Exercise description —
Could you retype the entries exactly as they are?

Dataset entries

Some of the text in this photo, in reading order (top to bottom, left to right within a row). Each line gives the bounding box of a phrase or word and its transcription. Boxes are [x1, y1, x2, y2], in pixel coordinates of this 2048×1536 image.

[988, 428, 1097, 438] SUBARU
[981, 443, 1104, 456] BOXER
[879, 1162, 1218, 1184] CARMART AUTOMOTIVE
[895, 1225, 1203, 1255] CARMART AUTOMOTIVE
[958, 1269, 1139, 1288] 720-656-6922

Your solution —
Some of the text in this photo, in reading order (top to bottom, left to right within a row). Each line gives the bounding box of a phrase or word and its transcription. Boxes are [x1, y1, x2, y2], in pixel coordinates of this 2048×1536 image.

[988, 428, 1097, 438] SUBARU
[981, 443, 1104, 456] BOXER
[879, 1162, 1218, 1184] CARMART AUTOMOTIVE
[895, 1225, 1203, 1255] CARMART AUTOMOTIVE
[958, 1269, 1139, 1288] 720-656-6922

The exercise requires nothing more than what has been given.